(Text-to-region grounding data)
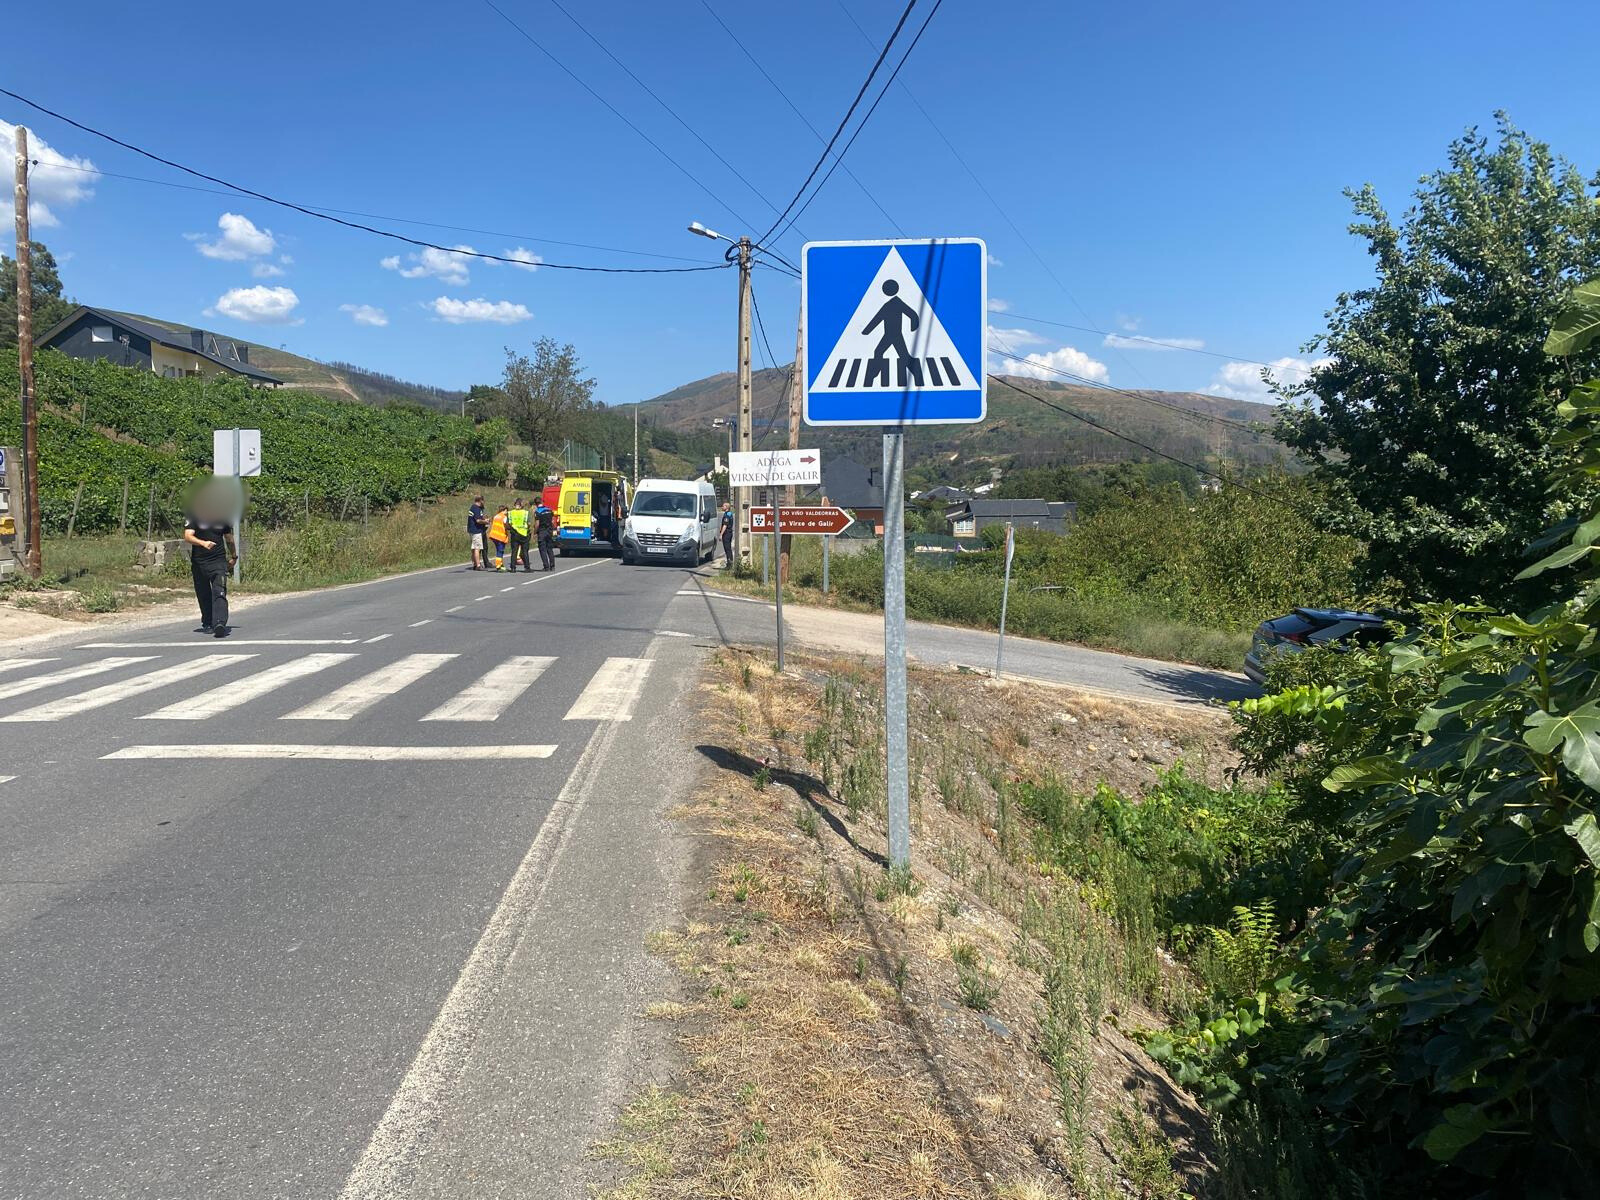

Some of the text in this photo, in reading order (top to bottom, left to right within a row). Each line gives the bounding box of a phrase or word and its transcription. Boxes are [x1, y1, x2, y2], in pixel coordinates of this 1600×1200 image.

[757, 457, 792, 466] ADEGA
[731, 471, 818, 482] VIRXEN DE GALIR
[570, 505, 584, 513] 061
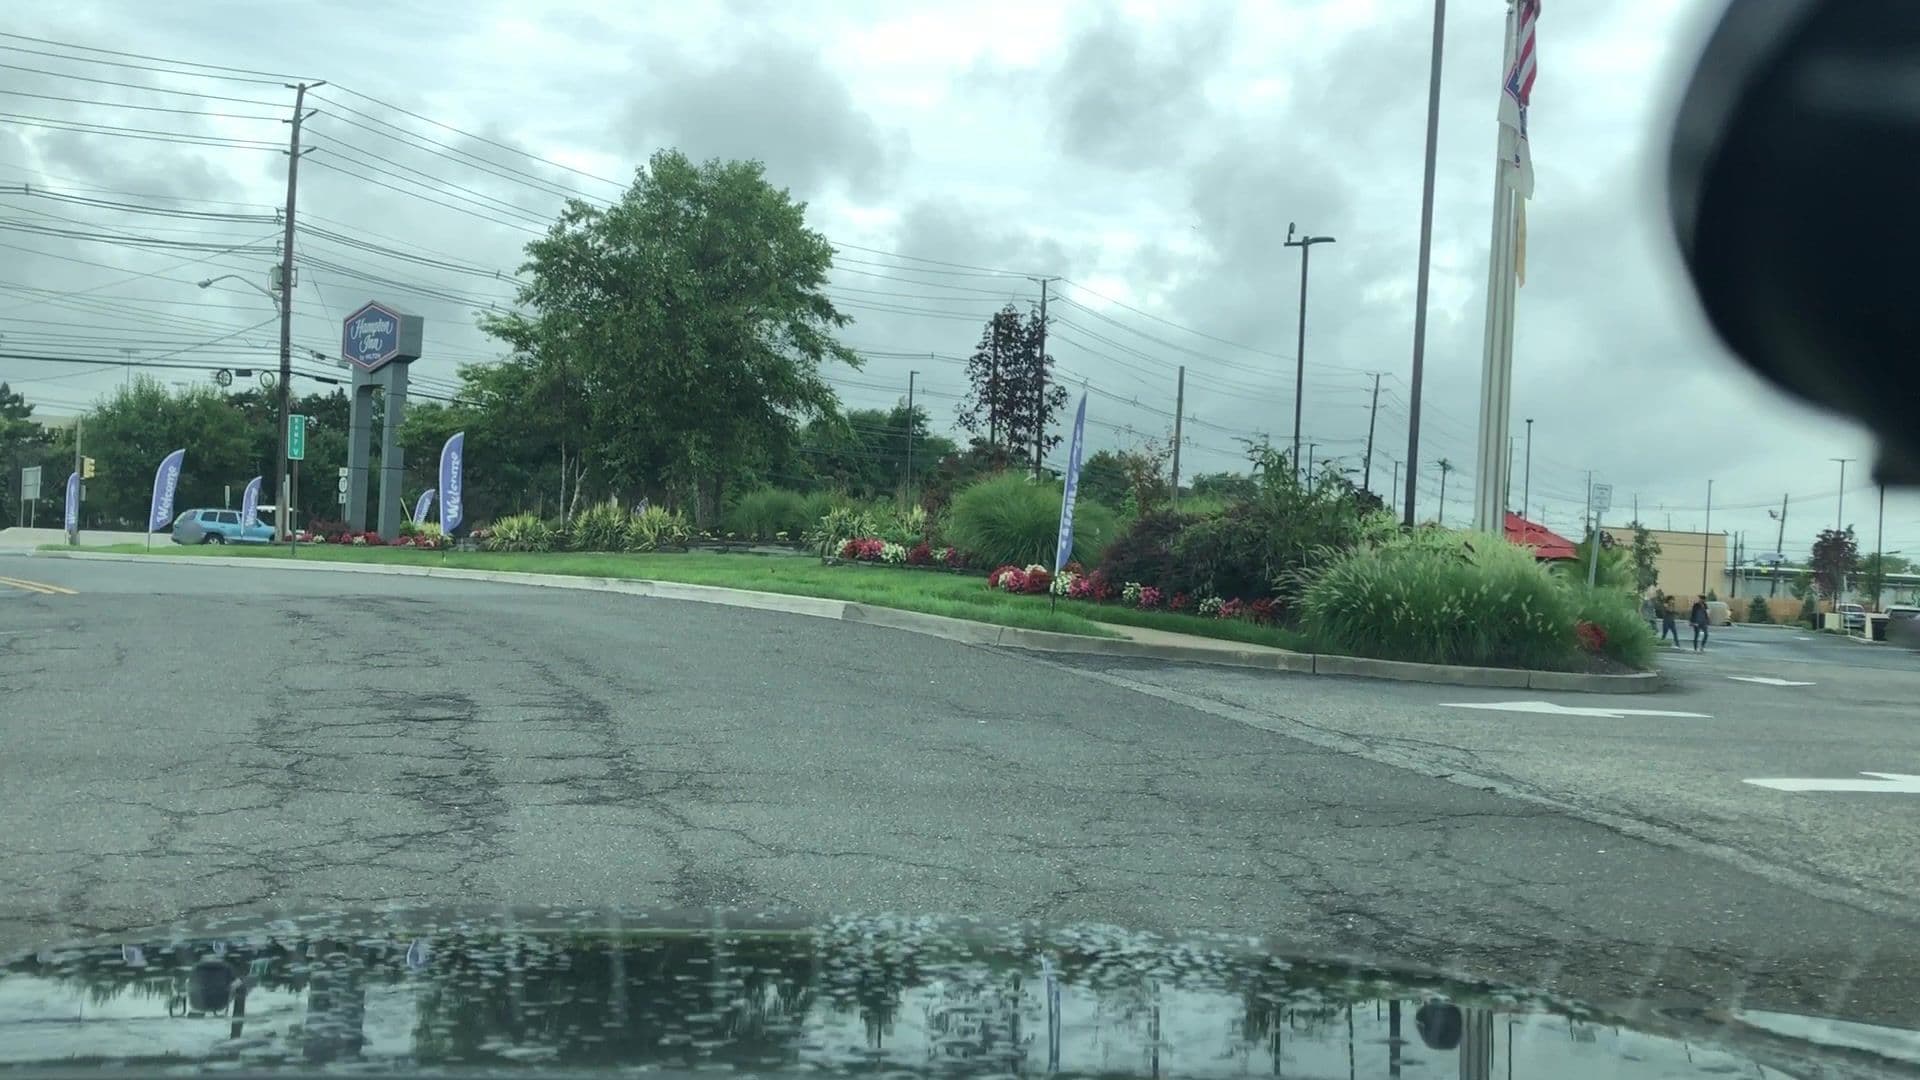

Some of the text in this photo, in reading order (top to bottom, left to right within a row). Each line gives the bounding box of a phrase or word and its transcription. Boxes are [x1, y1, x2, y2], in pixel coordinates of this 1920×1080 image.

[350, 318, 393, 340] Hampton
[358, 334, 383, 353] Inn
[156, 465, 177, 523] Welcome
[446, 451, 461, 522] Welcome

TASK GOAL: When you copy the data above, reproduce each line exactly and skip every image.

SOLUTION FOR THIS PROBLEM:
Some of the text in this photo, in reading order (top to bottom, left to right within a row). Each line gives the bounding box of a phrase or word and its transcription. Boxes are [x1, y1, x2, y2], in pixel coordinates of this 1600×1200 image.

[757, 457, 792, 466] ADEGA
[731, 471, 818, 482] VIRXEN DE GALIR
[570, 505, 584, 513] 061

Some of the text in this photo, in reading order (top to bottom, left to right within a row). Each line gives the bounding box of a phrase or word and its transcription. Boxes are [x1, y1, x2, y2], in pixel coordinates of this 1920×1080 image.

[350, 318, 393, 340] Hampton
[358, 334, 383, 353] Inn
[156, 465, 177, 523] Welcome
[446, 451, 461, 522] Welcome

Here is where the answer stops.